Saved entries
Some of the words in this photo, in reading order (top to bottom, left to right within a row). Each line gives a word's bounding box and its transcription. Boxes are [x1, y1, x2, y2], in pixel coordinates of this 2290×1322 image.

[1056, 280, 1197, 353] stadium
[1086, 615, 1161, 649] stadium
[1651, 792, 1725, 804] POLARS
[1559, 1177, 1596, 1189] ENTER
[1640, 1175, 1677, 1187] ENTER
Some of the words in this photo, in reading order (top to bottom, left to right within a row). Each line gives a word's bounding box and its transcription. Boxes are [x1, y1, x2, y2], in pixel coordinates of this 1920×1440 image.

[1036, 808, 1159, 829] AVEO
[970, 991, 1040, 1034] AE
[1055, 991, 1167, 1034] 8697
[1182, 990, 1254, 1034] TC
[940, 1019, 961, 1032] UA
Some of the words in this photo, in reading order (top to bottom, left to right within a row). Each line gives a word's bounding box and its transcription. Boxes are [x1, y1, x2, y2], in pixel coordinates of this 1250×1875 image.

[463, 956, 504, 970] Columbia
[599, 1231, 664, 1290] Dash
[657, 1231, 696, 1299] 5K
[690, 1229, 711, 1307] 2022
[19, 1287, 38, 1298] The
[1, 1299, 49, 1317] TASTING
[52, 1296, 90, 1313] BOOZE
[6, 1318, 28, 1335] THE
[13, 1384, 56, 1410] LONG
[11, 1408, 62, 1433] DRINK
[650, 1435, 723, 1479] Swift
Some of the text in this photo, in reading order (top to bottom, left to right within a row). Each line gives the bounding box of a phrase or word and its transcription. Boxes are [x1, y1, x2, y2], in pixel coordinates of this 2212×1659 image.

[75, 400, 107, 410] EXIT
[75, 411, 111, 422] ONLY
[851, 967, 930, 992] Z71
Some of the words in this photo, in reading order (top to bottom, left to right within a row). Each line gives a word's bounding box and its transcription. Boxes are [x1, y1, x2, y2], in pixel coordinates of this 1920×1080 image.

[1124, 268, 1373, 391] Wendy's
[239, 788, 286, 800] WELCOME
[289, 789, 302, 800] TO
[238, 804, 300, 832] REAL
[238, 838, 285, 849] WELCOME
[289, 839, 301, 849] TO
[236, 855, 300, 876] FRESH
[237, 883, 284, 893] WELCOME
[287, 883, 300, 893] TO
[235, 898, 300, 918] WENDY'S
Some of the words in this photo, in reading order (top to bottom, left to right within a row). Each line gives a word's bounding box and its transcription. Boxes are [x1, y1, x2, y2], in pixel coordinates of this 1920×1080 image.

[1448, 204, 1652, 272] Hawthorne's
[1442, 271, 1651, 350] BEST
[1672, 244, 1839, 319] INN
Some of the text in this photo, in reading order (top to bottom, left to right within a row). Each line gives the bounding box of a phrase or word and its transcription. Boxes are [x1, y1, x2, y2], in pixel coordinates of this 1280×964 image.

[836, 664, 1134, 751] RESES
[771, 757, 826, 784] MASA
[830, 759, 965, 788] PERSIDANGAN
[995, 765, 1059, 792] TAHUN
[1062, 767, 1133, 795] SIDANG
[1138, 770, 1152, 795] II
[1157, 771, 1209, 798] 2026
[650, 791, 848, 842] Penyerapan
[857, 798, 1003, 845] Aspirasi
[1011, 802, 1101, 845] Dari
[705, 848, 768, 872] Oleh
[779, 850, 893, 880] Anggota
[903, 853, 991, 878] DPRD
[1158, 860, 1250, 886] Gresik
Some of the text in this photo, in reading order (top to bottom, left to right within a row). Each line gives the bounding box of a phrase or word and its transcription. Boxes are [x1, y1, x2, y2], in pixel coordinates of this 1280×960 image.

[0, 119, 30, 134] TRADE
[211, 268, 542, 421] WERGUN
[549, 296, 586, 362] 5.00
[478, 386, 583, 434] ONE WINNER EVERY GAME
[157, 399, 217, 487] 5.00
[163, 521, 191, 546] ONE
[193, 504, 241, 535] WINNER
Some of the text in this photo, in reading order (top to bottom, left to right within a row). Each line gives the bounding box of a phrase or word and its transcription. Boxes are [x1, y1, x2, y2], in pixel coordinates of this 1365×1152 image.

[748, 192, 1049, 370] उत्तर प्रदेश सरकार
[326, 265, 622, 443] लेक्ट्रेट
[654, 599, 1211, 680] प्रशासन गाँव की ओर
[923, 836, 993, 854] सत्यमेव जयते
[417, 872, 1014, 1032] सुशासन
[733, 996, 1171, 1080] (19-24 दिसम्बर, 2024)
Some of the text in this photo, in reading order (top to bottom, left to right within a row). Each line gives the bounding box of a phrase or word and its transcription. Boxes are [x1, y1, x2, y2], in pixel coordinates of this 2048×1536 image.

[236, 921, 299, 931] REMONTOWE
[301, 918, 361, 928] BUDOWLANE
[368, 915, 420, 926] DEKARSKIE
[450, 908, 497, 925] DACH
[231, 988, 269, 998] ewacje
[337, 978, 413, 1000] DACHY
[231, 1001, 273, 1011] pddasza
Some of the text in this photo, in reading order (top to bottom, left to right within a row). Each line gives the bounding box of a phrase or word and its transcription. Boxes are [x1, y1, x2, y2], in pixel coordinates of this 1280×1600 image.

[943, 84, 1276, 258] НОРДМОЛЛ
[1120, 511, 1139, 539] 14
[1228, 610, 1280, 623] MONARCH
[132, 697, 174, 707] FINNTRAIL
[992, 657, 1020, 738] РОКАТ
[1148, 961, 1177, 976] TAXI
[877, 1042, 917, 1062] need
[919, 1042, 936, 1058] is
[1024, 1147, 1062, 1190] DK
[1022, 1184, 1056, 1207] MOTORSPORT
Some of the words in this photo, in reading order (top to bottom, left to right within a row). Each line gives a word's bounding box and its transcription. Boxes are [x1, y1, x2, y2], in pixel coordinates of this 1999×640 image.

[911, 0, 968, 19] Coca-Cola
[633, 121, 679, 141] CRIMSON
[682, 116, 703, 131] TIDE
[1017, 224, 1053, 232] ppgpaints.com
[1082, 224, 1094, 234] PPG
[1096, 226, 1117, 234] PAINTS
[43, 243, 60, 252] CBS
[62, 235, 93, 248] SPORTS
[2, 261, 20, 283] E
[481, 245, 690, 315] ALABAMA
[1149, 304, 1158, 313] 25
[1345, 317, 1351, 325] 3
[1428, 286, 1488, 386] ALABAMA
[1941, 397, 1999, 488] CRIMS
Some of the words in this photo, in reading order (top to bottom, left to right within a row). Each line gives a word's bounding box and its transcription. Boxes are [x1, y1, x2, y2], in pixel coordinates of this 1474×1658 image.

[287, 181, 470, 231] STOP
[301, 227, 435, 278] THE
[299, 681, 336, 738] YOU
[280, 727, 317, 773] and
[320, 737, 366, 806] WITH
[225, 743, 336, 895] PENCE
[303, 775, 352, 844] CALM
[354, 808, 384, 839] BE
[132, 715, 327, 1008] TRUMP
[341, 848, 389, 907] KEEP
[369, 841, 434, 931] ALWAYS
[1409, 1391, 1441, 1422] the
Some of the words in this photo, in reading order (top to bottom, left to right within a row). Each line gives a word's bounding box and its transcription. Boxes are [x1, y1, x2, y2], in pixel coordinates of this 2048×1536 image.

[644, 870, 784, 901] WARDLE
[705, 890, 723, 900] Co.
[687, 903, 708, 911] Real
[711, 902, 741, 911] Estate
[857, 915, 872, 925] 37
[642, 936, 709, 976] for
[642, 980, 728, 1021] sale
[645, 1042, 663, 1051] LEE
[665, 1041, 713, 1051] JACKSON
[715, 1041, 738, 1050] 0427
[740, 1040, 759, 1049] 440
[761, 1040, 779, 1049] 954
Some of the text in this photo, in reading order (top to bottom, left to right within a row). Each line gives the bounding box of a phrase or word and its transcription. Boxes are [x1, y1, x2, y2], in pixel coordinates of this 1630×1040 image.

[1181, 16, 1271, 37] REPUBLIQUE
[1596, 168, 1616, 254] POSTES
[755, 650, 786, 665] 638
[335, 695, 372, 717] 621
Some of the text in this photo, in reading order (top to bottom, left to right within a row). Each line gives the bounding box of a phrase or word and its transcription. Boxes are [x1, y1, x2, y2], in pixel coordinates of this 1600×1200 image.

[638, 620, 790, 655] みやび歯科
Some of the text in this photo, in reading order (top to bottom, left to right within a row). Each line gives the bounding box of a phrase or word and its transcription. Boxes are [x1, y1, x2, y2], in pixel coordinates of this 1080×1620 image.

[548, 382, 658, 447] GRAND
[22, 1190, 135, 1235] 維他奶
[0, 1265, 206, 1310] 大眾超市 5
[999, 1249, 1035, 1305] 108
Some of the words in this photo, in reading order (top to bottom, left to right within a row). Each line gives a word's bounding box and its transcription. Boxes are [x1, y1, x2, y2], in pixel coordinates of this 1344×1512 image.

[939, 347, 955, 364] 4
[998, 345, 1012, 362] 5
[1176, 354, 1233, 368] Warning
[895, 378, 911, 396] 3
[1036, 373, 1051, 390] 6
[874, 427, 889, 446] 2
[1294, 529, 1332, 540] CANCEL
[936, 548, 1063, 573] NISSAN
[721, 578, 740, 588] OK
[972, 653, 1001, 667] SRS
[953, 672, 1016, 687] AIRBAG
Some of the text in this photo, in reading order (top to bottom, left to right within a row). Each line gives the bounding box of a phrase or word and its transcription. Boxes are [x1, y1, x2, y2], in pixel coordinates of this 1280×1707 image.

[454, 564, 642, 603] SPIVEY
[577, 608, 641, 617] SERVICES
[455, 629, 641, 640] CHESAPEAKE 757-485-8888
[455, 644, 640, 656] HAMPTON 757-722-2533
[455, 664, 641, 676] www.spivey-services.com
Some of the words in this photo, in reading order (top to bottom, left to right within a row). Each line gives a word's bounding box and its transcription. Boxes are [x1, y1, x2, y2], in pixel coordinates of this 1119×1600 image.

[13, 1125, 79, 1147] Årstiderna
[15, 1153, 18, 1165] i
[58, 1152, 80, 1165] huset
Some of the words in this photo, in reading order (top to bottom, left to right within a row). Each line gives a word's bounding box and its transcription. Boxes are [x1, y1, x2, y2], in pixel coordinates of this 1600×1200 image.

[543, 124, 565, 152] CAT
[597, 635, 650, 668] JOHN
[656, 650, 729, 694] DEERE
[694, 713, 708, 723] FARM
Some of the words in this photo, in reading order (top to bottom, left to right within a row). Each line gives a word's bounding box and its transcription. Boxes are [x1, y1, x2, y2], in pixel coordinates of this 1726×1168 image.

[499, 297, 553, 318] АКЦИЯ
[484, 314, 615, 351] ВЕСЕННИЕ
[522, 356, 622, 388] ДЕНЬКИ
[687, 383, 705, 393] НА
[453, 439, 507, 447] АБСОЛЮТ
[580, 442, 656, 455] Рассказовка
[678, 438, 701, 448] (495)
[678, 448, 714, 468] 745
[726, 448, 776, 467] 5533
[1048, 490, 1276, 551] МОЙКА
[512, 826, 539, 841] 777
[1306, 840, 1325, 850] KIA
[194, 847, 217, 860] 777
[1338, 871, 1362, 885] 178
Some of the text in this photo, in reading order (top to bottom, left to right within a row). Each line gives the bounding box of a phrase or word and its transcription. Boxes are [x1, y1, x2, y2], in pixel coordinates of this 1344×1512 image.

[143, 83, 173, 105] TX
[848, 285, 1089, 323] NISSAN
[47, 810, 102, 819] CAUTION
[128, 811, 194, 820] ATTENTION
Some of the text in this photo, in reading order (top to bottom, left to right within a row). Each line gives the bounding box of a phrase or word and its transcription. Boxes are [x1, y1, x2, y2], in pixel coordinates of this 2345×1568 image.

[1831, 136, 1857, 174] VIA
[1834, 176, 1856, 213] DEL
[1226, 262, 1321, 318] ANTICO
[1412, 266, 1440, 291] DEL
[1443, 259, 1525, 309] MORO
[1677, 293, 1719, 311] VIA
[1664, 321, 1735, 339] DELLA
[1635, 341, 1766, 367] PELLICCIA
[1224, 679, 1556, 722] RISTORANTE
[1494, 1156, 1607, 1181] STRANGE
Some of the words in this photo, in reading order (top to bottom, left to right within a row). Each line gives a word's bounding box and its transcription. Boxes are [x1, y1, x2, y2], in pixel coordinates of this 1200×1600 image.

WHAT TO DO:
Starting at the line with "this 2345×1568 image.", copy every line down to the last one above, exactly as written and with nothing else.

THE COMPLETED TASK:
Some of the text in this photo, in reading order (top to bottom, left to right within a row). Each line gives the bounding box of a phrase or word and its transcription. Boxes are [x1, y1, x2, y2], in pixel coordinates of this 2345×1568 image.

[1831, 136, 1857, 174] VIA
[1834, 176, 1856, 213] DEL
[1226, 262, 1321, 318] ANTICO
[1412, 266, 1440, 291] DEL
[1443, 259, 1525, 309] MORO
[1677, 293, 1719, 311] VIA
[1664, 321, 1735, 339] DELLA
[1635, 341, 1766, 367] PELLICCIA
[1224, 679, 1556, 722] RISTORANTE
[1494, 1156, 1607, 1181] STRANGE
Some of the words in this photo, in reading order (top to bottom, left to right within a row). Each line gives a word's bounding box and its transcription. Boxes are [x1, y1, x2, y2], in pixel coordinates of this 1200×1600 image.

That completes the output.